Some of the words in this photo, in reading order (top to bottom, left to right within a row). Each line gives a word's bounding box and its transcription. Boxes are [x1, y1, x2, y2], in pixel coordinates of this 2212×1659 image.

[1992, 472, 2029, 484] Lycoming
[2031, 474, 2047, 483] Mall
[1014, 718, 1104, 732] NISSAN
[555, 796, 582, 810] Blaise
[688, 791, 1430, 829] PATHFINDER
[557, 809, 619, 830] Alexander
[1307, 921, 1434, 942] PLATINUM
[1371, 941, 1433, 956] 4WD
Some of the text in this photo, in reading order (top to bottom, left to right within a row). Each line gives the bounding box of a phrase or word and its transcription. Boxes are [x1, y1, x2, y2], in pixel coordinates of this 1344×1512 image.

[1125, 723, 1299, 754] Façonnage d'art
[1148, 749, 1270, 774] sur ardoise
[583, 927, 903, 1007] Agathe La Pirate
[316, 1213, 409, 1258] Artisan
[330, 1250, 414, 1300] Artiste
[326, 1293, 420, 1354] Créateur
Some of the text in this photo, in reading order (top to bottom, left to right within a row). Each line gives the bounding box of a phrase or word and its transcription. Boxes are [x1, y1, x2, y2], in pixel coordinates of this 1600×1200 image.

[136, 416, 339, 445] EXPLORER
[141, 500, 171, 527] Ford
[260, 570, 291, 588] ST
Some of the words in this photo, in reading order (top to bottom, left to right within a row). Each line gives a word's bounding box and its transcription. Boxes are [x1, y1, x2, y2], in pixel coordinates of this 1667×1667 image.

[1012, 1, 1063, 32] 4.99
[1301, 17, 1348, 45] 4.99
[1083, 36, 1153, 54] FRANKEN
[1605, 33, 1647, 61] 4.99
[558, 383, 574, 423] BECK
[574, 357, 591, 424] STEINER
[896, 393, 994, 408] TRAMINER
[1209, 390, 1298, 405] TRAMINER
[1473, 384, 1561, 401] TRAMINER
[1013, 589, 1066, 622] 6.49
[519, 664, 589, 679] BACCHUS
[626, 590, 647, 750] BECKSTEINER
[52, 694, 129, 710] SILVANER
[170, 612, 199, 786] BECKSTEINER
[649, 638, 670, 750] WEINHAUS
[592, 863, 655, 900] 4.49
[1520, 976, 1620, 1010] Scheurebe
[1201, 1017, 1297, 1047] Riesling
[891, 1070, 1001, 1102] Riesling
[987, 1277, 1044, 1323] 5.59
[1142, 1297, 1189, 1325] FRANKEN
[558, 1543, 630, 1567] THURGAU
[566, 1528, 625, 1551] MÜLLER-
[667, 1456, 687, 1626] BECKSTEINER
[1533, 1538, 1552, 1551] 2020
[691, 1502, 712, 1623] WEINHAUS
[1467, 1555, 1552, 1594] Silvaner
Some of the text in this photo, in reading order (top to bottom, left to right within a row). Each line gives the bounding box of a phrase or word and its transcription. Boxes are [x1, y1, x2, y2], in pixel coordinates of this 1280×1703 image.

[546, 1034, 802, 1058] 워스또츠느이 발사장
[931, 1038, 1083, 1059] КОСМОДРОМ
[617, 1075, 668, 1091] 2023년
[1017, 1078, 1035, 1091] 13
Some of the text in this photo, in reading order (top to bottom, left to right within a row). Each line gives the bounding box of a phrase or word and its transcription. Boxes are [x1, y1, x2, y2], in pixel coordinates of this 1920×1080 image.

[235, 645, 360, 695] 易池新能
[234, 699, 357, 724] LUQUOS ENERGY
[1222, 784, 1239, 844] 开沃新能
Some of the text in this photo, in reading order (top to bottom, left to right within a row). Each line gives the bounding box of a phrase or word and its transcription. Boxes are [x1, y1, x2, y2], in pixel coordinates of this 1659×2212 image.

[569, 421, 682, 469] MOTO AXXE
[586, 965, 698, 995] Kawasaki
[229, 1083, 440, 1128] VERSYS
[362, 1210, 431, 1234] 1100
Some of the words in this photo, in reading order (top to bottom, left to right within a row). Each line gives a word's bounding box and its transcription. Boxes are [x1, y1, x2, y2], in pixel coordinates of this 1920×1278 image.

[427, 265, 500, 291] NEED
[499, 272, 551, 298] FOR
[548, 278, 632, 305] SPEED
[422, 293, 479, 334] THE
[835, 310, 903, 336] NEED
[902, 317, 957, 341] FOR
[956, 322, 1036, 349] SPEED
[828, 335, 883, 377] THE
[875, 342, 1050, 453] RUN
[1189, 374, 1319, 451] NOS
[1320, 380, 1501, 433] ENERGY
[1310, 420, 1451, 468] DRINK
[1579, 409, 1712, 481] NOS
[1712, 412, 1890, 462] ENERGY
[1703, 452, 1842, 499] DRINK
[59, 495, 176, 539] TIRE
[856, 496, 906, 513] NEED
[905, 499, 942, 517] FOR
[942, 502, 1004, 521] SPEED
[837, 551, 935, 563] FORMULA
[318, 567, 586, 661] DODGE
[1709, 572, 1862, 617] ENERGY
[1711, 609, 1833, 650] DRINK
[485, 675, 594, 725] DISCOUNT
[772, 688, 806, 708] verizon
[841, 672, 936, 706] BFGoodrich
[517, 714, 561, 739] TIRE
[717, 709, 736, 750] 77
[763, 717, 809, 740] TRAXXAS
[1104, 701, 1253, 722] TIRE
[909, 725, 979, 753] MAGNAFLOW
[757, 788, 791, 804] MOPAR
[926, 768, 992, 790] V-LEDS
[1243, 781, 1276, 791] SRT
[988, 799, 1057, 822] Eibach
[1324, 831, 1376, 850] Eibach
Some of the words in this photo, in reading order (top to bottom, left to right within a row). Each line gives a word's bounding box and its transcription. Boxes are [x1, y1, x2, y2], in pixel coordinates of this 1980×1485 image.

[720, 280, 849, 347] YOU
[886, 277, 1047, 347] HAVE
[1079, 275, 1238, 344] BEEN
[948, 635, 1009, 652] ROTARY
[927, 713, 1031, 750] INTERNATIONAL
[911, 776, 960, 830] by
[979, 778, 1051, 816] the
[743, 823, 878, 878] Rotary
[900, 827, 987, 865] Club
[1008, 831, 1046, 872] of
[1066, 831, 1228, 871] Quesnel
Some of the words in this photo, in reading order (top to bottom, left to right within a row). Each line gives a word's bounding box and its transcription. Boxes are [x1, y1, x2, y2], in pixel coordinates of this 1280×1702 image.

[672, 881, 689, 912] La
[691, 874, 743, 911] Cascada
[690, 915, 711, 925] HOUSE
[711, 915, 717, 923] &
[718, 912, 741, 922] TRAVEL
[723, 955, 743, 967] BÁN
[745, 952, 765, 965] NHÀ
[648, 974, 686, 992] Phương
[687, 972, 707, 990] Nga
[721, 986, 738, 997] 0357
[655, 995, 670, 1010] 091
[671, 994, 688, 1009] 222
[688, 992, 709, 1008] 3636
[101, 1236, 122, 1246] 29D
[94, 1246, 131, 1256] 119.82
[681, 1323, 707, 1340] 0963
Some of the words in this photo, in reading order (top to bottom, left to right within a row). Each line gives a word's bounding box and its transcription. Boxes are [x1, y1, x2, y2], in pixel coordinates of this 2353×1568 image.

▶ **Task**: Reproduce each line of the material exactly as given.

▶ **Result of the exercise**:
Some of the words in this photo, in reading order (top to bottom, left to right within a row). Each line gives a word's bounding box and its transcription. Boxes are [x1, y1, x2, y2], in pixel coordinates of this 2212×1659 image.

[1992, 472, 2029, 484] Lycoming
[2031, 474, 2047, 483] Mall
[1014, 718, 1104, 732] NISSAN
[555, 796, 582, 810] Blaise
[688, 791, 1430, 829] PATHFINDER
[557, 809, 619, 830] Alexander
[1307, 921, 1434, 942] PLATINUM
[1371, 941, 1433, 956] 4WD
Some of the text in this photo, in reading order (top to bottom, left to right within a row). Each line gives the bounding box of a phrase or word and its transcription. Boxes are [x1, y1, x2, y2], in pixel coordinates of this 1344×1512 image.

[1125, 723, 1299, 754] Façonnage d'art
[1148, 749, 1270, 774] sur ardoise
[583, 927, 903, 1007] Agathe La Pirate
[316, 1213, 409, 1258] Artisan
[330, 1250, 414, 1300] Artiste
[326, 1293, 420, 1354] Créateur
Some of the text in this photo, in reading order (top to bottom, left to right within a row). Each line gives the bounding box of a phrase or word and its transcription. Boxes are [x1, y1, x2, y2], in pixel coordinates of this 1600×1200 image.

[136, 416, 339, 445] EXPLORER
[141, 500, 171, 527] Ford
[260, 570, 291, 588] ST
Some of the words in this photo, in reading order (top to bottom, left to right within a row). Each line gives a word's bounding box and its transcription. Boxes are [x1, y1, x2, y2], in pixel coordinates of this 1667×1667 image.

[1012, 1, 1063, 32] 4.99
[1301, 17, 1348, 45] 4.99
[1083, 36, 1153, 54] FRANKEN
[1605, 33, 1647, 61] 4.99
[558, 383, 574, 423] BECK
[574, 357, 591, 424] STEINER
[896, 393, 994, 408] TRAMINER
[1209, 390, 1298, 405] TRAMINER
[1473, 384, 1561, 401] TRAMINER
[1013, 589, 1066, 622] 6.49
[519, 664, 589, 679] BACCHUS
[626, 590, 647, 750] BECKSTEINER
[52, 694, 129, 710] SILVANER
[170, 612, 199, 786] BECKSTEINER
[649, 638, 670, 750] WEINHAUS
[592, 863, 655, 900] 4.49
[1520, 976, 1620, 1010] Scheurebe
[1201, 1017, 1297, 1047] Riesling
[891, 1070, 1001, 1102] Riesling
[987, 1277, 1044, 1323] 5.59
[1142, 1297, 1189, 1325] FRANKEN
[558, 1543, 630, 1567] THURGAU
[566, 1528, 625, 1551] MÜLLER-
[667, 1456, 687, 1626] BECKSTEINER
[1533, 1538, 1552, 1551] 2020
[691, 1502, 712, 1623] WEINHAUS
[1467, 1555, 1552, 1594] Silvaner
Some of the text in this photo, in reading order (top to bottom, left to right within a row). Each line gives the bounding box of a phrase or word and its transcription. Boxes are [x1, y1, x2, y2], in pixel coordinates of this 1280×1703 image.

[546, 1034, 802, 1058] 워스또츠느이 발사장
[931, 1038, 1083, 1059] КОСМОДРОМ
[617, 1075, 668, 1091] 2023년
[1017, 1078, 1035, 1091] 13
Some of the text in this photo, in reading order (top to bottom, left to right within a row). Each line gives the bounding box of a phrase or word and its transcription. Boxes are [x1, y1, x2, y2], in pixel coordinates of this 1920×1080 image.

[235, 645, 360, 695] 易池新能
[234, 699, 357, 724] LUQUOS ENERGY
[1222, 784, 1239, 844] 开沃新能
Some of the text in this photo, in reading order (top to bottom, left to right within a row). Each line gives the bounding box of a phrase or word and its transcription. Boxes are [x1, y1, x2, y2], in pixel coordinates of this 1659×2212 image.

[569, 421, 682, 469] MOTO AXXE
[586, 965, 698, 995] Kawasaki
[229, 1083, 440, 1128] VERSYS
[362, 1210, 431, 1234] 1100
Some of the words in this photo, in reading order (top to bottom, left to right within a row). Each line gives a word's bounding box and its transcription. Boxes are [x1, y1, x2, y2], in pixel coordinates of this 1920×1278 image.

[427, 265, 500, 291] NEED
[499, 272, 551, 298] FOR
[548, 278, 632, 305] SPEED
[422, 293, 479, 334] THE
[835, 310, 903, 336] NEED
[902, 317, 957, 341] FOR
[956, 322, 1036, 349] SPEED
[828, 335, 883, 377] THE
[875, 342, 1050, 453] RUN
[1189, 374, 1319, 451] NOS
[1320, 380, 1501, 433] ENERGY
[1310, 420, 1451, 468] DRINK
[1579, 409, 1712, 481] NOS
[1712, 412, 1890, 462] ENERGY
[1703, 452, 1842, 499] DRINK
[59, 495, 176, 539] TIRE
[856, 496, 906, 513] NEED
[905, 499, 942, 517] FOR
[942, 502, 1004, 521] SPEED
[837, 551, 935, 563] FORMULA
[318, 567, 586, 661] DODGE
[1709, 572, 1862, 617] ENERGY
[1711, 609, 1833, 650] DRINK
[485, 675, 594, 725] DISCOUNT
[772, 688, 806, 708] verizon
[841, 672, 936, 706] BFGoodrich
[517, 714, 561, 739] TIRE
[717, 709, 736, 750] 77
[763, 717, 809, 740] TRAXXAS
[1104, 701, 1253, 722] TIRE
[909, 725, 979, 753] MAGNAFLOW
[757, 788, 791, 804] MOPAR
[926, 768, 992, 790] V-LEDS
[1243, 781, 1276, 791] SRT
[988, 799, 1057, 822] Eibach
[1324, 831, 1376, 850] Eibach
Some of the words in this photo, in reading order (top to bottom, left to right within a row). Each line gives a word's bounding box and its transcription. Boxes are [x1, y1, x2, y2], in pixel coordinates of this 1980×1485 image.

[720, 280, 849, 347] YOU
[886, 277, 1047, 347] HAVE
[1079, 275, 1238, 344] BEEN
[948, 635, 1009, 652] ROTARY
[927, 713, 1031, 750] INTERNATIONAL
[911, 776, 960, 830] by
[979, 778, 1051, 816] the
[743, 823, 878, 878] Rotary
[900, 827, 987, 865] Club
[1008, 831, 1046, 872] of
[1066, 831, 1228, 871] Quesnel
Some of the words in this photo, in reading order (top to bottom, left to right within a row). Each line gives a word's bounding box and its transcription. Boxes are [x1, y1, x2, y2], in pixel coordinates of this 1280×1702 image.

[672, 881, 689, 912] La
[691, 874, 743, 911] Cascada
[690, 915, 711, 925] HOUSE
[711, 915, 717, 923] &
[718, 912, 741, 922] TRAVEL
[723, 955, 743, 967] BÁN
[745, 952, 765, 965] NHÀ
[648, 974, 686, 992] Phương
[687, 972, 707, 990] Nga
[721, 986, 738, 997] 0357
[655, 995, 670, 1010] 091
[671, 994, 688, 1009] 222
[688, 992, 709, 1008] 3636
[101, 1236, 122, 1246] 29D
[94, 1246, 131, 1256] 119.82
[681, 1323, 707, 1340] 0963
Some of the words in this photo, in reading order (top to bottom, left to right within a row). Each line gives a word's bounding box and its transcription. Boxes are [x1, y1, x2, y2], in pixel coordinates of this 2353×1568 image.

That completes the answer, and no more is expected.